Please set down the records exactly, keeping every line.

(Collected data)
= Beginning of Section =

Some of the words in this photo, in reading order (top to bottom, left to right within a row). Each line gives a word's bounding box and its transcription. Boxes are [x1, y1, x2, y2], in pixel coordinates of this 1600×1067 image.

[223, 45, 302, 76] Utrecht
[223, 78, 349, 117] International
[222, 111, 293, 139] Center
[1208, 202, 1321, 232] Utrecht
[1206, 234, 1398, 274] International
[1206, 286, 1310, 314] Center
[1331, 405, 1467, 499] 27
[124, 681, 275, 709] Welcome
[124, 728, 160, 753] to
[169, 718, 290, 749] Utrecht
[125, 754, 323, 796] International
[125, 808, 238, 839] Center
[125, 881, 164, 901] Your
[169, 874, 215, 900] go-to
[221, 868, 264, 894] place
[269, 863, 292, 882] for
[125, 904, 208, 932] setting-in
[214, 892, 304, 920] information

= End of Section =

● RESULT OF THIS TASK
Some of the words in this photo, in reading order (top to bottom, left to right within a row). Each line gives a word's bounding box and its transcription. Boxes are [x1, y1, x2, y2], in pixel coordinates of this 1600×1067 image.

[223, 45, 302, 76] Utrecht
[223, 78, 349, 117] International
[222, 111, 293, 139] Center
[1208, 202, 1321, 232] Utrecht
[1206, 234, 1398, 274] International
[1206, 286, 1310, 314] Center
[1331, 405, 1467, 499] 27
[124, 681, 275, 709] Welcome
[124, 728, 160, 753] to
[169, 718, 290, 749] Utrecht
[125, 754, 323, 796] International
[125, 808, 238, 839] Center
[125, 881, 164, 901] Your
[169, 874, 215, 900] go-to
[221, 868, 264, 894] place
[269, 863, 292, 882] for
[125, 904, 208, 932] setting-in
[214, 892, 304, 920] information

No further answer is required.